BEGIN

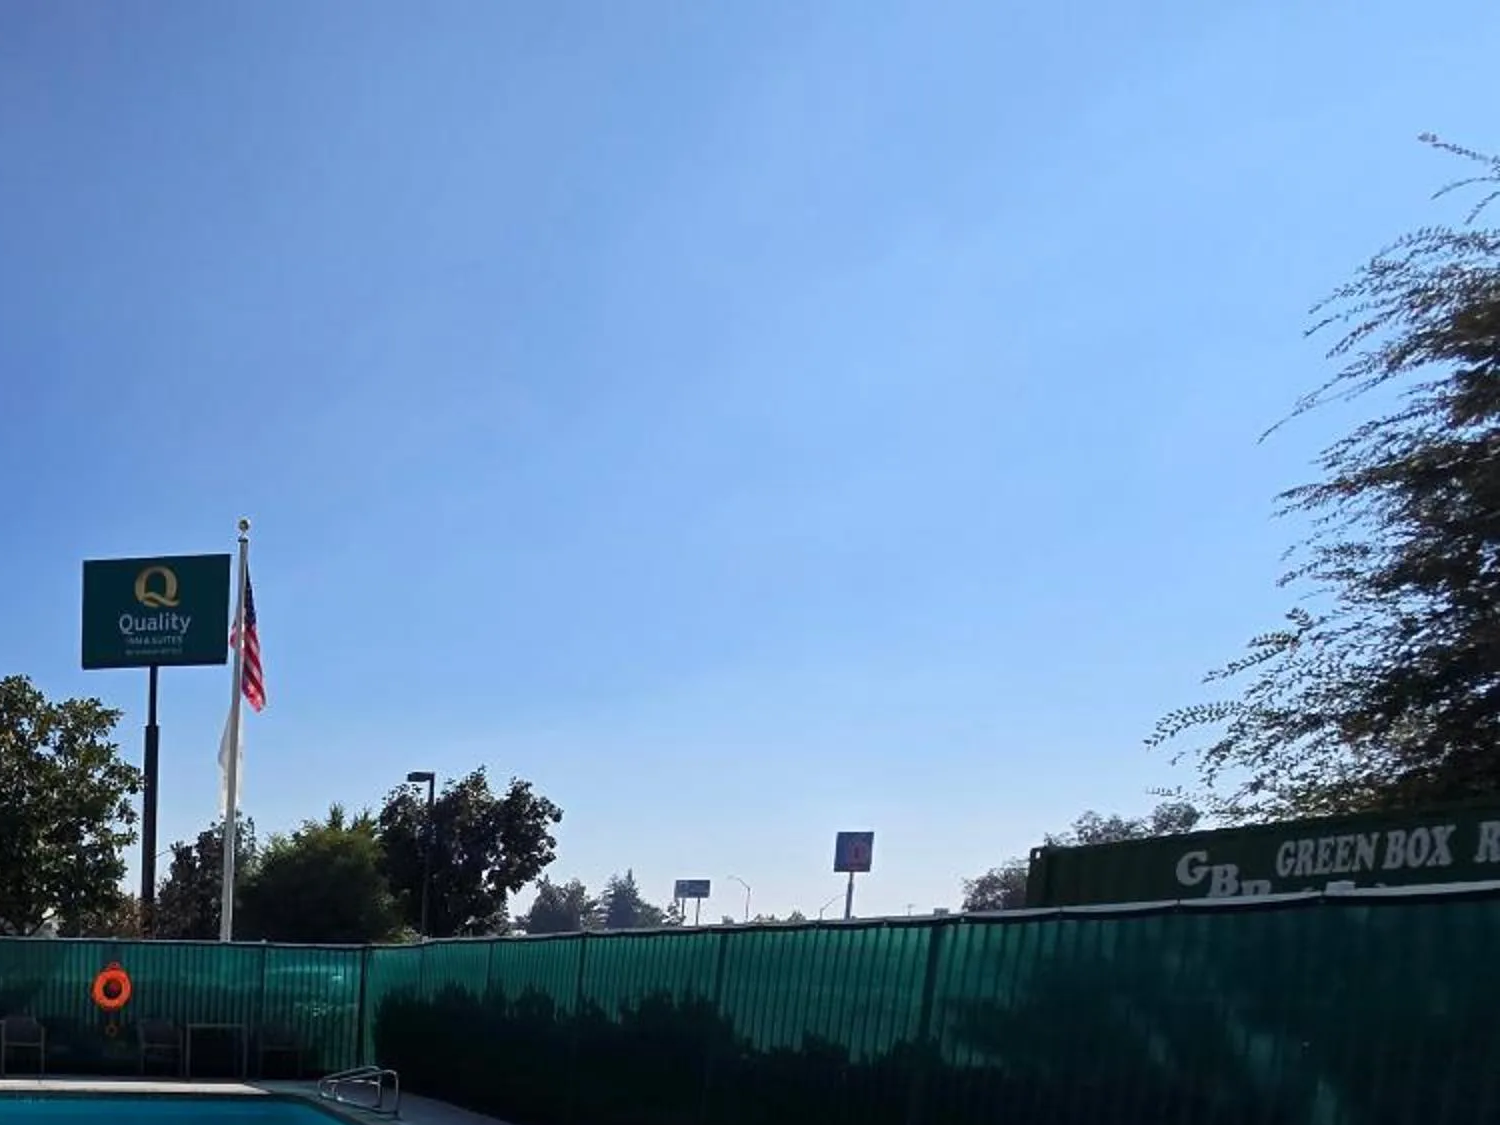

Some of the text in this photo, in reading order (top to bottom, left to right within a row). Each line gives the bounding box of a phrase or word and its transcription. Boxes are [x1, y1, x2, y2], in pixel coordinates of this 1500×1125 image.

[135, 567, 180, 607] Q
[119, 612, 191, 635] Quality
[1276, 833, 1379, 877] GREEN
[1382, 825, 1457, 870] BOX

END

## WHAT YOU NEED TO DO
Hand back the data exactly as it appears, with all pictures cut.

## EXERCISE ANSWER
Some of the text in this photo, in reading order (top to bottom, left to right within a row). Each line gives the bounding box of a phrase or word and its transcription. Boxes are [x1, y1, x2, y2], in pixel coordinates of this 1500×1125 image.

[135, 567, 180, 607] Q
[119, 612, 191, 635] Quality
[1276, 833, 1379, 877] GREEN
[1382, 825, 1457, 870] BOX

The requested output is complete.